Yo miro a Jesús y no me adhiero a ninguna de esas fascinantes imágenes que llenan de vértigo la imaginación e impulsan el hambre de eternidad a una huída hacia adelante. Me parece más prudente acercarse al Maestro intentando tocar levemente su túnica sin atreverse a agarrarle compulsivamente. Y me doy cuenta de que la espiritualidad de Jesús no se halla en ninguno de esos momentos cumbre que el relato evangélico nos muestra como enmarcados cual dioramas apoteósicos.
La espiritualidad de Jesús es la espiritualidad de la calle.
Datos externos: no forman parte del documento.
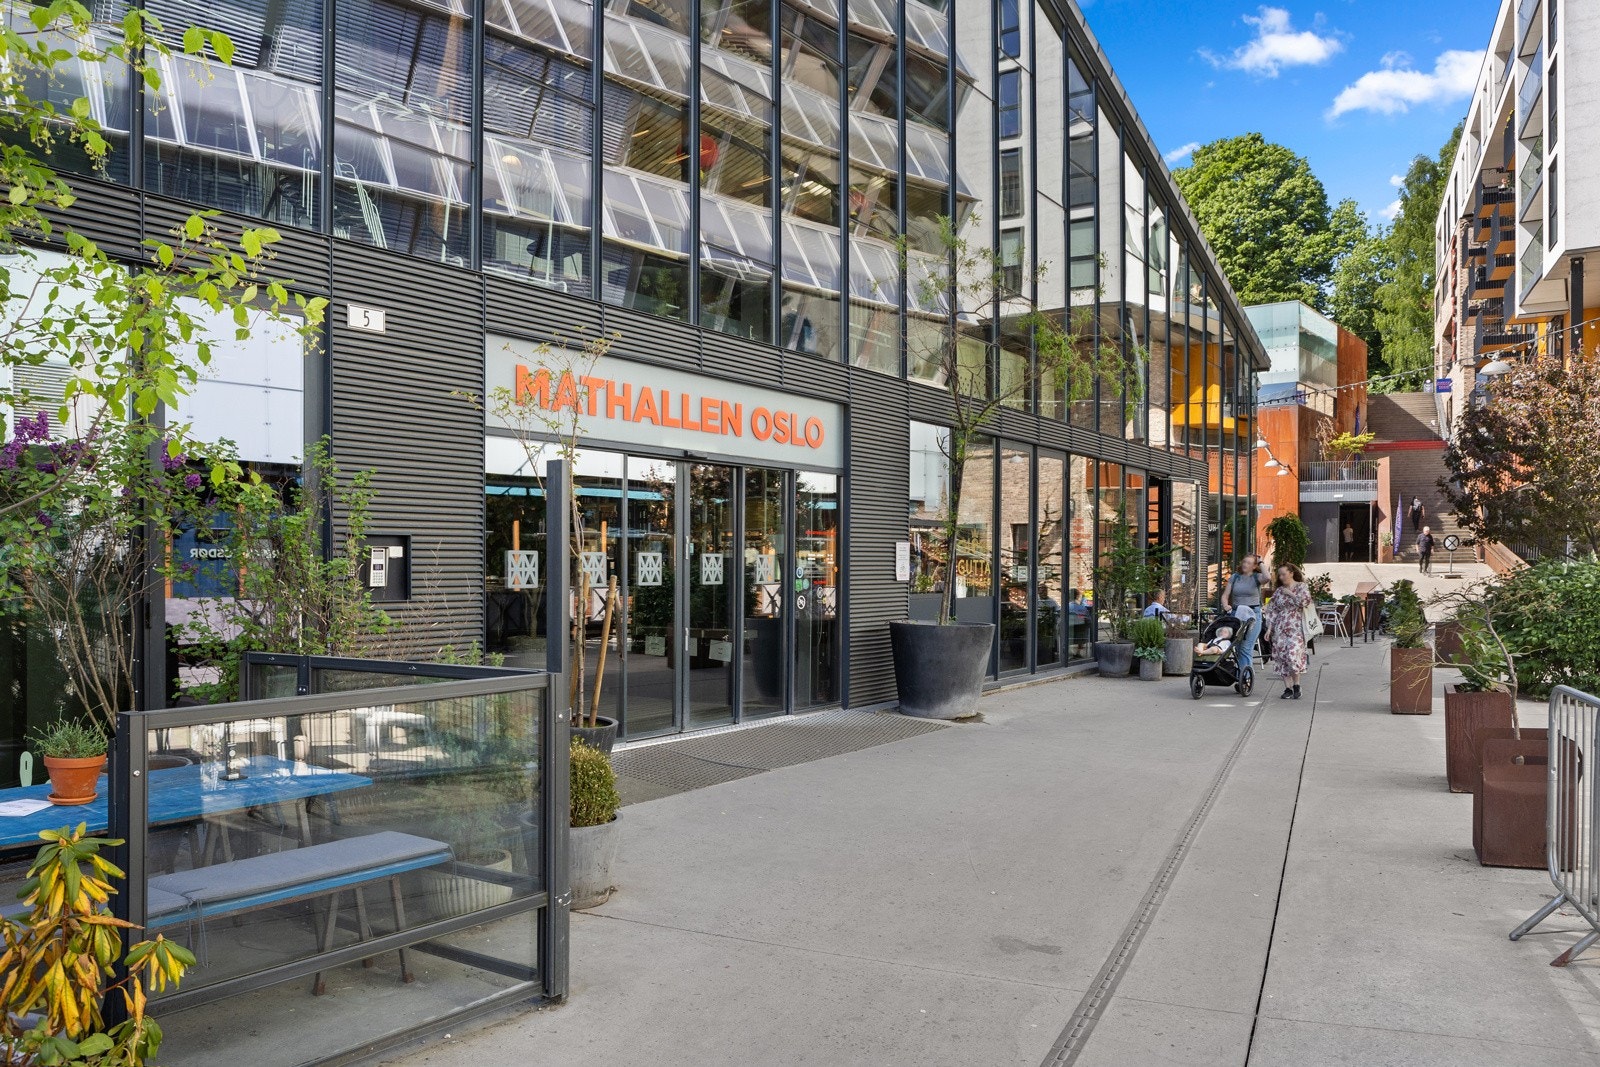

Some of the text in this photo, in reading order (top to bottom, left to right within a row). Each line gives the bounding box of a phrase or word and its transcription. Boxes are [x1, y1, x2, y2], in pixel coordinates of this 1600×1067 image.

[363, 310, 370, 327] 5
[515, 364, 825, 449] MATHALLEN OSLO
[957, 558, 991, 577] GUTTA
Aunque asistía a la sinagoga, Jesús cumplía su ministerio en las calles, allí donde se encontraban los maltratados por la vida, las víctimas de la injusticia, del rechazo, de la opresión; allí donde se cruzaban los desheredados de una sociedad atenazada por las ansias de liberación nacional, la opresión colonial, las estructuras políticorreligiosas obsoletas; allí donde los tullidos y enfermos mostraban sus chacras, donde caminaban los indefensos y todos aquellos que habían sido arrojados a los márgenes de la vida. El arrabal de la ciudad global de su tiempo, los suburbios de la urbe que se quiso centro del universo. Allí “donde la ciudad cambia de nombre”, como tituló nuestro inolvidable Francisco Candel.
La espiritualidad de Jesús me llama a caminar junto a él y a ver lo que él veía. A través de sus ojos, con sus ojos: los ojos del amor y la compasión infinitos, en la confianza de que Dios nos ama.